Think on Me
One evening in February 1968, singer Judith Lander was sitting in her small apartment in Toronto. She was in her early twenties and had recently moved there from Winnipeg. With a few television gigs on her resumé, her career in popular music was taking shape. The telephone rang. It was her teacher, the famous Canadian contralto Portia White. Her voice was unusually husky, not the soft, honeyed voice Lander was used to. A caring and attentive teacher, White asked her how she was. She was sorry that Lander would not be pursuing a career in opera, but she was certain that, whatever Lander decided to do, she would be successful.

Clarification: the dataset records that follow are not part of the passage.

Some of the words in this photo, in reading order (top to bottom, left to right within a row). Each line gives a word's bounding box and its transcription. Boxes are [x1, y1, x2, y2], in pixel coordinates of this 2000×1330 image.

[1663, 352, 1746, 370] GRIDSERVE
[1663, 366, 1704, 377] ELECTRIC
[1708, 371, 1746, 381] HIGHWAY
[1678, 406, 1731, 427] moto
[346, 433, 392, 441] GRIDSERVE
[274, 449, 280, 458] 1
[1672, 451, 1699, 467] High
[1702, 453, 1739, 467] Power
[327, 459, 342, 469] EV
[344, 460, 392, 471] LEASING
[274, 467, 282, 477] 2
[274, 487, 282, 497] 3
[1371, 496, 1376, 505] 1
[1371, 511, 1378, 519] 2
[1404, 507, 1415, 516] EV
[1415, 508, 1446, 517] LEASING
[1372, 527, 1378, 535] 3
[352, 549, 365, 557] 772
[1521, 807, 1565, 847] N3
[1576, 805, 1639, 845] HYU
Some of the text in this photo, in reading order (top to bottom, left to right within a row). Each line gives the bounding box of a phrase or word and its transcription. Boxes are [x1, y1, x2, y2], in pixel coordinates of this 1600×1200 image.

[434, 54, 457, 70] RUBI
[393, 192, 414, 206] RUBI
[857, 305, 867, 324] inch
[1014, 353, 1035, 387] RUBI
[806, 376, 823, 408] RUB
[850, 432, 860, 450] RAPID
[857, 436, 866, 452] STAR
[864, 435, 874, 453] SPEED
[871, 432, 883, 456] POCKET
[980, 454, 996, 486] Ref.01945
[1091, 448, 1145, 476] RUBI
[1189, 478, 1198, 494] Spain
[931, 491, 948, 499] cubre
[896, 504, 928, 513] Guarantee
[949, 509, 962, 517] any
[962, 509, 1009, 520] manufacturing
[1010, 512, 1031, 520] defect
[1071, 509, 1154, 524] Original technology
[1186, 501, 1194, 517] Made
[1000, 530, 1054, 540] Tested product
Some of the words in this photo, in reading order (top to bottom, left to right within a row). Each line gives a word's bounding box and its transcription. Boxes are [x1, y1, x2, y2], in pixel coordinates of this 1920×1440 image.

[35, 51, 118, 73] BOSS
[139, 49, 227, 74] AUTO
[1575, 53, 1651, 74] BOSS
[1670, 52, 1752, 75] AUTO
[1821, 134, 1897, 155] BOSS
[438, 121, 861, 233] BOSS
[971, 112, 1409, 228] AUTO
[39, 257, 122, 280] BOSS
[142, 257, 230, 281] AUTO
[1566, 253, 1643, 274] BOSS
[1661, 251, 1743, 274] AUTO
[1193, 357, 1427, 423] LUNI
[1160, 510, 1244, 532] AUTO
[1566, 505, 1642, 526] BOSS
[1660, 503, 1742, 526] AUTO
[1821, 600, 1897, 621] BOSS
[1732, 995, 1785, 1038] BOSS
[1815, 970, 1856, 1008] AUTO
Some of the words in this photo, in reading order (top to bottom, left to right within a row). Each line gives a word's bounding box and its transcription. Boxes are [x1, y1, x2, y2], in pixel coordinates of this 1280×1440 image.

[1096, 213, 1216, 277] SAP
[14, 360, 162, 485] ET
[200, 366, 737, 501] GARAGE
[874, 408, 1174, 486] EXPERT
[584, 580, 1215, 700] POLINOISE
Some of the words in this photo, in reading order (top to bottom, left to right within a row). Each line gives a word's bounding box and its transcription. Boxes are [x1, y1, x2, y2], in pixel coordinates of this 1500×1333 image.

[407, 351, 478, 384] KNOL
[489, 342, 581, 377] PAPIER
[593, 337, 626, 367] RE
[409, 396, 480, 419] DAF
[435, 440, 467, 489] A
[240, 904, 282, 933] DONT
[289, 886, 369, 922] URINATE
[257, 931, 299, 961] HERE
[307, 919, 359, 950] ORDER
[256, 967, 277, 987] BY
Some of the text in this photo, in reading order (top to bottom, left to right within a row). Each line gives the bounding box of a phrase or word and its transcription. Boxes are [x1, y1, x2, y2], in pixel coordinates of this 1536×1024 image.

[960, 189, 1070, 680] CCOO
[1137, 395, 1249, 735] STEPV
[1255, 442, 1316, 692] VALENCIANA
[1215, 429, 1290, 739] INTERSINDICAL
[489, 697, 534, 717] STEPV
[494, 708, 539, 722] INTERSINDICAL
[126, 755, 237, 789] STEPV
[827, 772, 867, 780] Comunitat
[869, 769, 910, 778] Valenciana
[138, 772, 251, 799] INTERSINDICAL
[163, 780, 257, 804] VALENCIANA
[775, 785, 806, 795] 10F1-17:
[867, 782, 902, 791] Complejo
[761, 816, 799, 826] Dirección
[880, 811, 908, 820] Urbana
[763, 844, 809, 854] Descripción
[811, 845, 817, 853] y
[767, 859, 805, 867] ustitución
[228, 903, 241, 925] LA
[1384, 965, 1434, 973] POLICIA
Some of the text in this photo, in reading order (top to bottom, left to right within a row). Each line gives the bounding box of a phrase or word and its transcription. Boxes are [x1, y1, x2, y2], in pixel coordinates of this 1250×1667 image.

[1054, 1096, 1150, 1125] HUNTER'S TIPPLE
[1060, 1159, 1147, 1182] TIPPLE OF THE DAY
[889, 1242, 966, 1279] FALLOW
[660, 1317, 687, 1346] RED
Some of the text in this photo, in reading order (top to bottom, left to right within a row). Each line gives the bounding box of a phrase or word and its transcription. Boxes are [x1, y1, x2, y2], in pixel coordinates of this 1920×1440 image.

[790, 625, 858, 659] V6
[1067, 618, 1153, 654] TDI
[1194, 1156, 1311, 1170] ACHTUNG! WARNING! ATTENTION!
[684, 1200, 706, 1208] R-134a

White said that although she would no longer be teaching her, she had one request: “Judy, please take your vitamins.” As they said goodbye, Lander told her she would see her soon.
It was not to be. A few days after that memorable telephone call, Lander learned that White was quite ill. Unsettled by the news, she sat at her small piano as some lyrics came to her, and she composed a pleasing melody to accompany them. “Lady of Ginger,” a song for Portia White, was born.
The Lady of Ginger and velvet and honey and light
Breathed a child’s awe into me
The lady of ginger and velvet and honey and light
wore the cloak of dignity….
A raindrop fell on her nest of earth
and nurtured her sparrow song of purity
She rode on the wings of a nightingale
And her colour was liberty
The next morning, Lander heard on a radio newscast that White had died in a Toronto hospital at the age of fifty-seven. Those were troubled times. White’s death occurred barely two months before Nobel Peace Prize winner Dr. Martin Luther King was assassinated in Memphis, Tennessee, on April 4, 1968. As for me, I was a teenager in Beechville, a Black community near Halifax, counting the months to June, when I expected to graduate, and at the same time wondering if I would be accepted into university. After all, when I entered high school, my grade nine teacher advised me to take the general program: “If you make it through,” she told me, “you might get a little job for yourself.”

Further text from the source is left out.